Assigned task:
Exactly as they appear, write the lines from the one containing "this 1541×1370 image." to the final line of the entries, leaving pictures out.

Stored dataset items
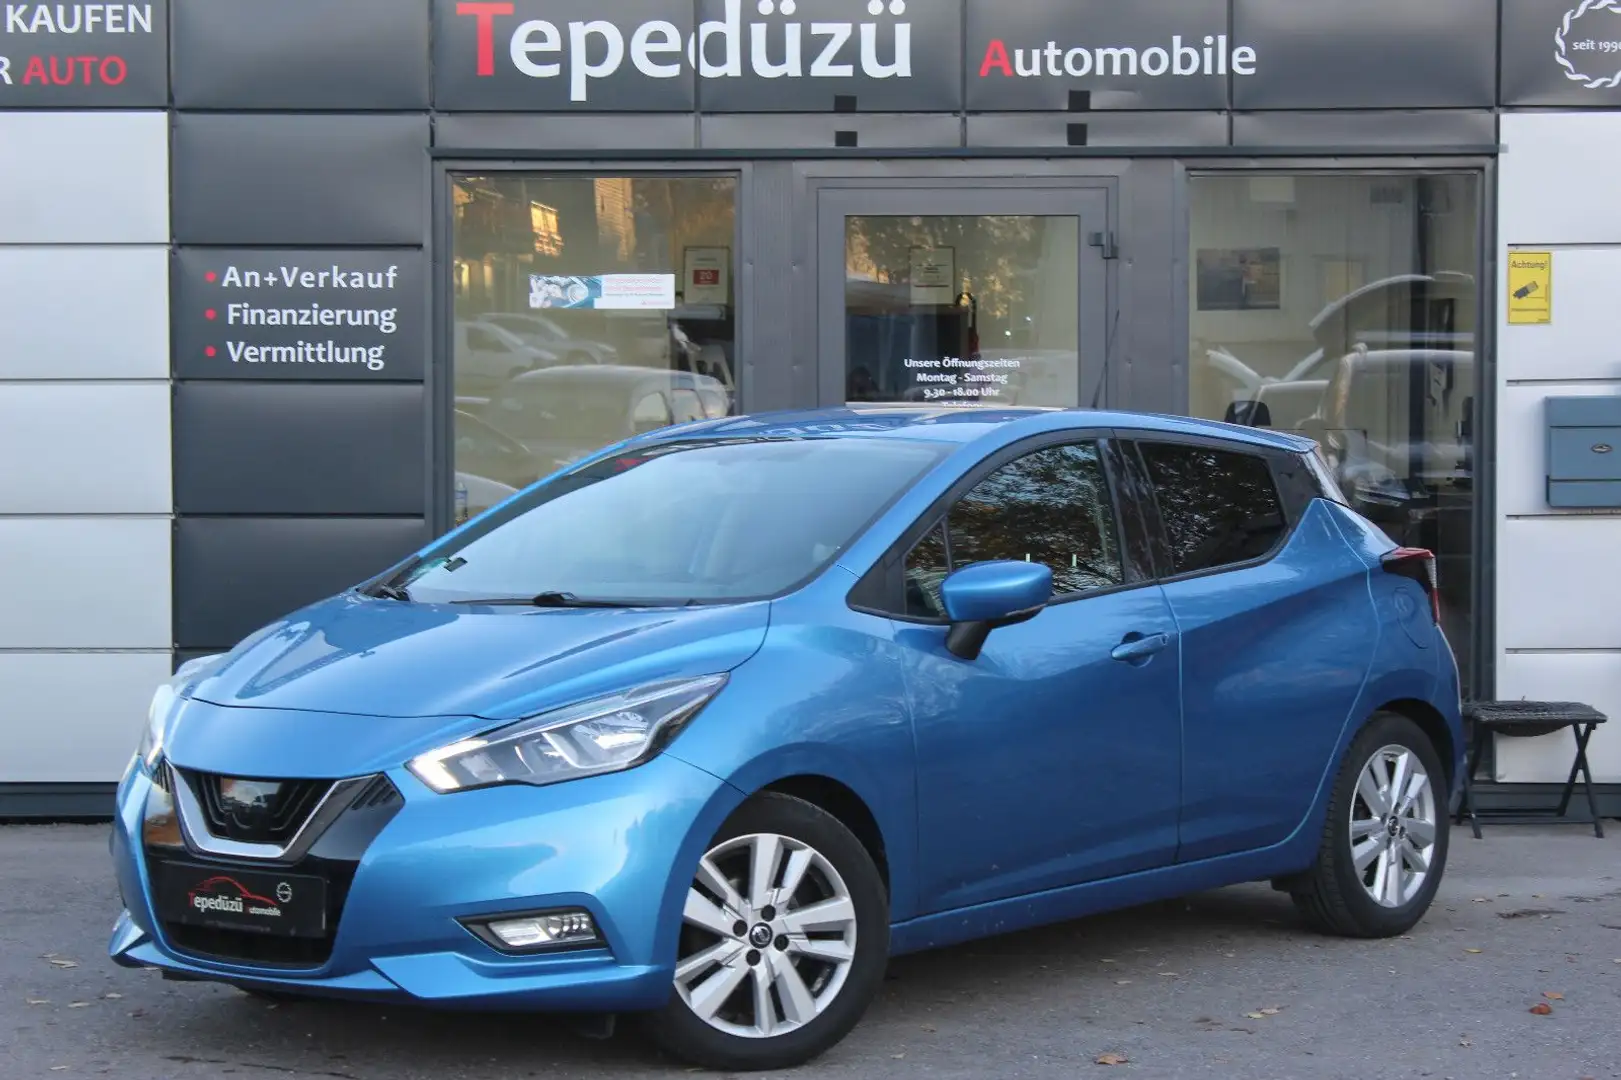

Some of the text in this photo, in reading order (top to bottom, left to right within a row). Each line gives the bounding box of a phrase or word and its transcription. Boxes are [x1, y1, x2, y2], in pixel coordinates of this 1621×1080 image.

[6, 4, 152, 33] KAUFEN
[456, 0, 912, 101] Tepedüzü
[980, 35, 1257, 77] Automobile
[1572, 39, 1596, 50] seit
[22, 55, 127, 86] AUTO
[222, 266, 398, 288] An+Verkauf
[227, 303, 398, 333] Finanzierung
[226, 340, 385, 371] Vermittlung
[904, 356, 1020, 370] Unsere Öffnungszeiten
[916, 373, 957, 384] Montag
[964, 373, 1008, 384] Samstag
[924, 388, 946, 398] 9.30
[953, 387, 980, 396] 18.00
[981, 387, 1000, 397] Uhr
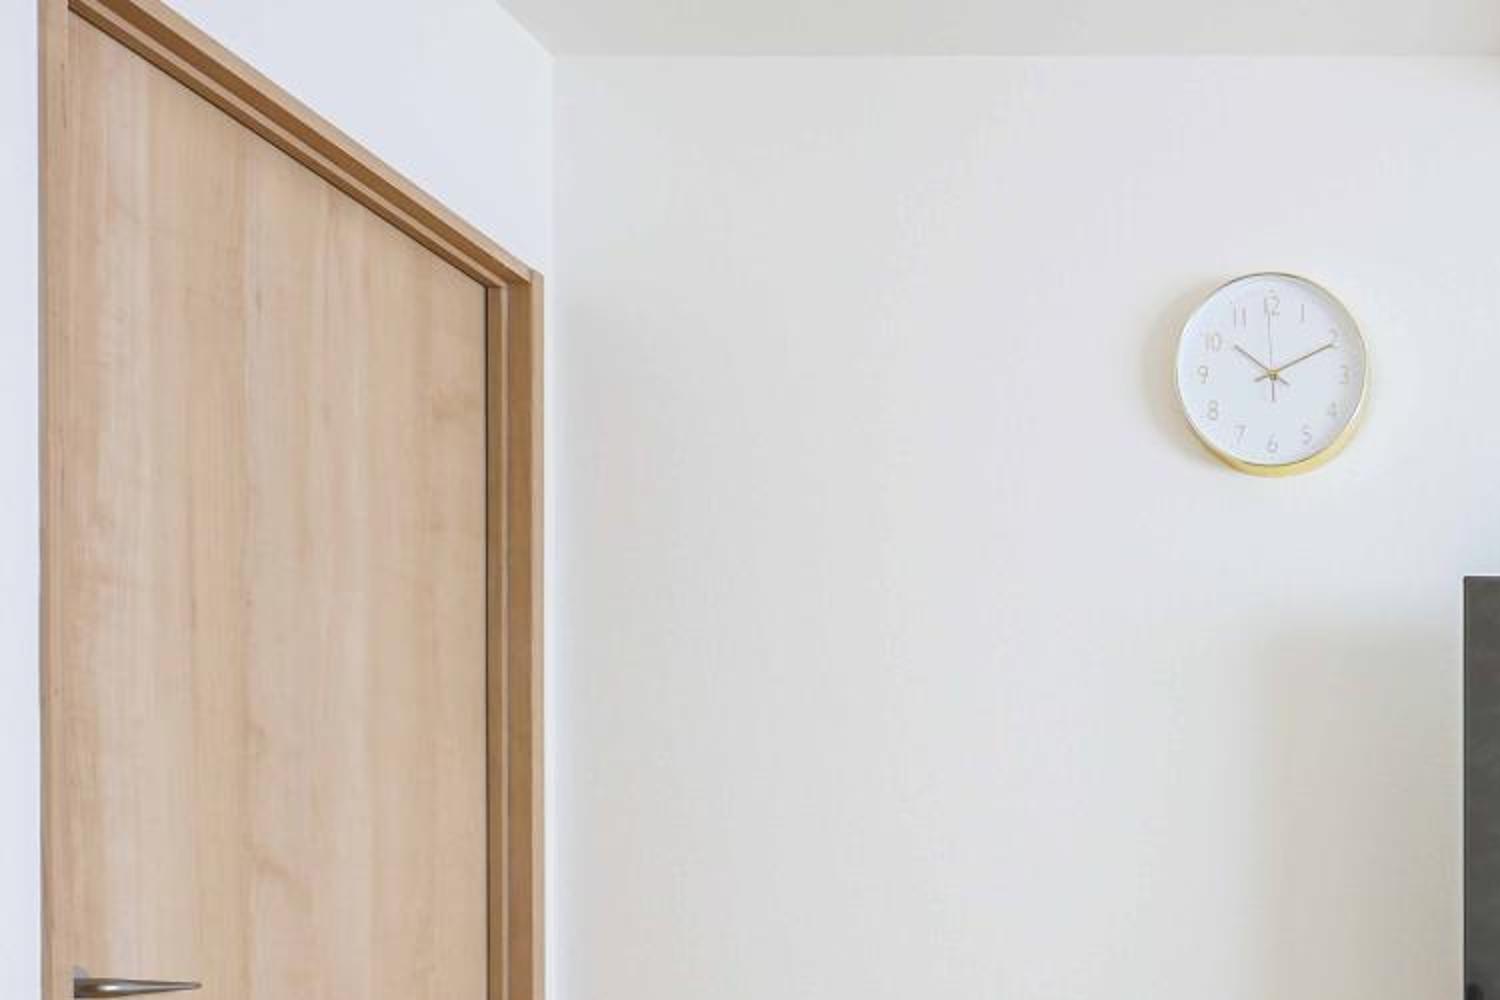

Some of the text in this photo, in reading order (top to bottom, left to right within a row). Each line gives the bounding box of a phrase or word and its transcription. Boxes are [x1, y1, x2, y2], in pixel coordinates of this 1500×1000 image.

[1264, 296, 1280, 316] 12
[1233, 305, 1246, 328] 11
[1205, 332, 1222, 352] 10
[1197, 365, 1209, 384] 9
[1207, 400, 1219, 421] 8
[1234, 425, 1246, 444] 7
[1267, 433, 1279, 453] 6
[1301, 425, 1313, 445] 5
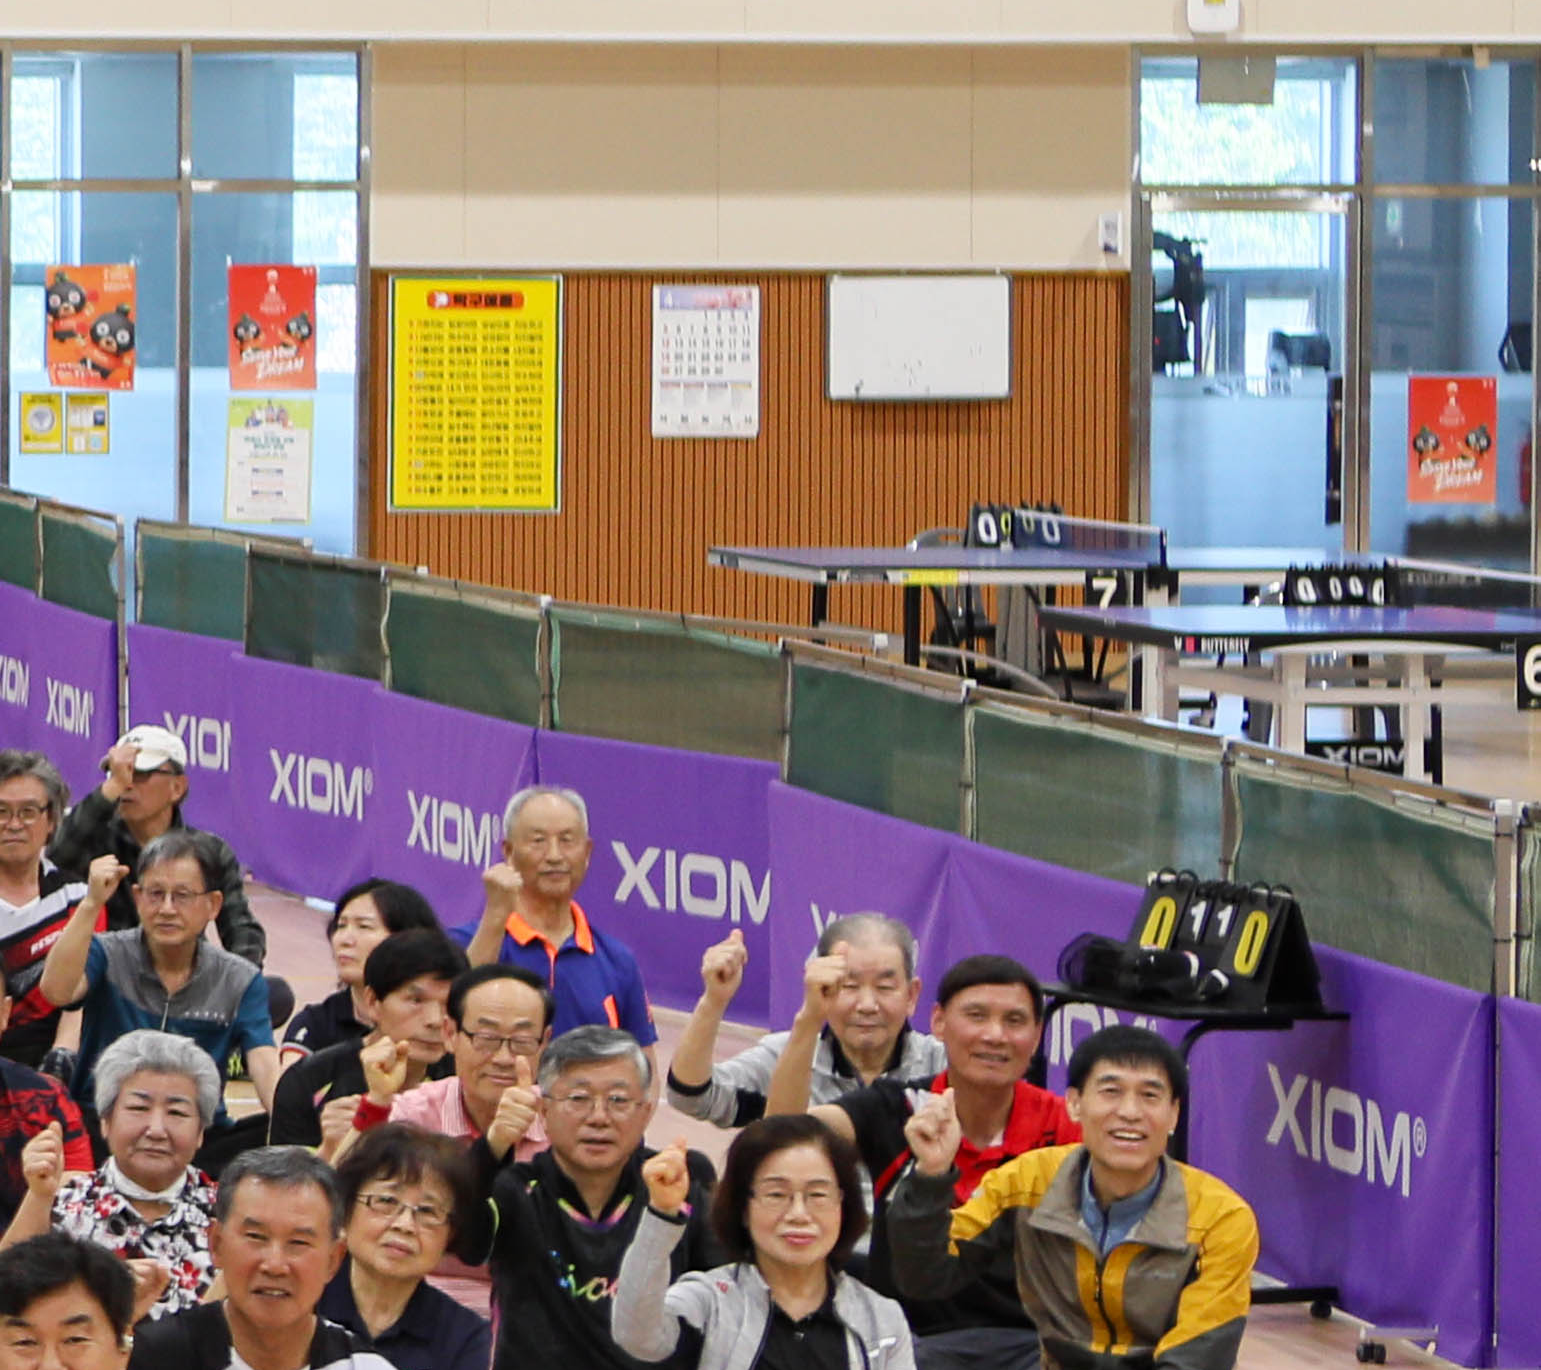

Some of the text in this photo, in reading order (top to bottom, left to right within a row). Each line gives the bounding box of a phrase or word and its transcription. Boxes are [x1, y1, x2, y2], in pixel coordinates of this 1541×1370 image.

[1092, 577, 1118, 609] 7
[1191, 900, 1208, 942] 1
[1217, 903, 1234, 938] 1
[1234, 911, 1269, 975] 0
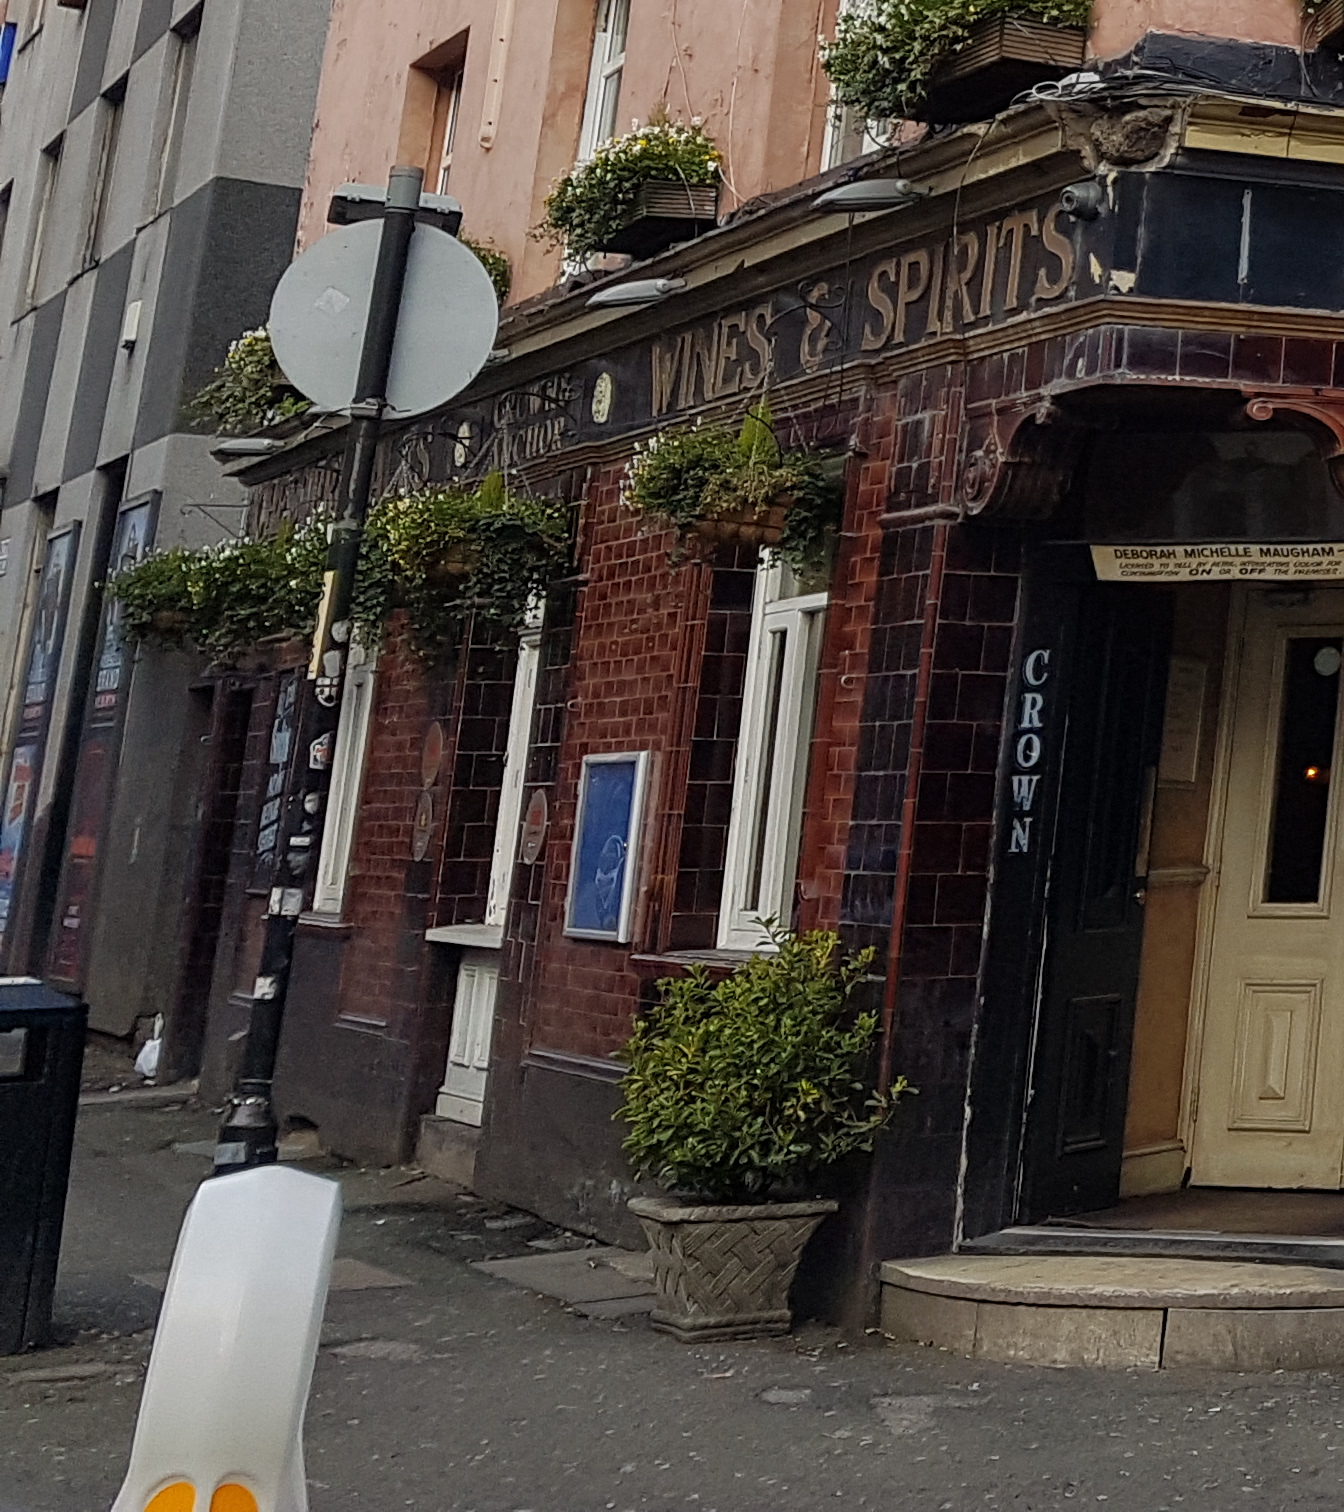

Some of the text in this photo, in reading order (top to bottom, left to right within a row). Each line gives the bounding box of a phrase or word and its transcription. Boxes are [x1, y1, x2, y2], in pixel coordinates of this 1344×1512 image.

[650, 301, 775, 418] WINES
[860, 202, 1077, 353] SPIRITS
[1113, 548, 1177, 560] DEBORAH
[1183, 546, 1253, 559] MICHELLE
[1188, 568, 1212, 576] ON
[1238, 567, 1267, 576] OFF
[1006, 647, 1051, 855] CROWN

Problem solution:
Some of the text in this photo, in reading order (top to bottom, left to right within a row). Each line gives the bounding box of a phrase or word and its transcription. Boxes are [x1, y1, x2, y2], in pixel coordinates of this 1541×1370 image.

[1092, 577, 1118, 609] 7
[1191, 900, 1208, 942] 1
[1217, 903, 1234, 938] 1
[1234, 911, 1269, 975] 0

Some of the text in this photo, in reading order (top to bottom, left to right within a row). Each line gives the bounding box of a phrase or word and its transcription. Boxes are [x1, y1, x2, y2], in pixel coordinates of this 1344×1512 image.

[650, 301, 775, 418] WINES
[860, 202, 1077, 353] SPIRITS
[1113, 548, 1177, 560] DEBORAH
[1183, 546, 1253, 559] MICHELLE
[1188, 568, 1212, 576] ON
[1238, 567, 1267, 576] OFF
[1006, 647, 1051, 855] CROWN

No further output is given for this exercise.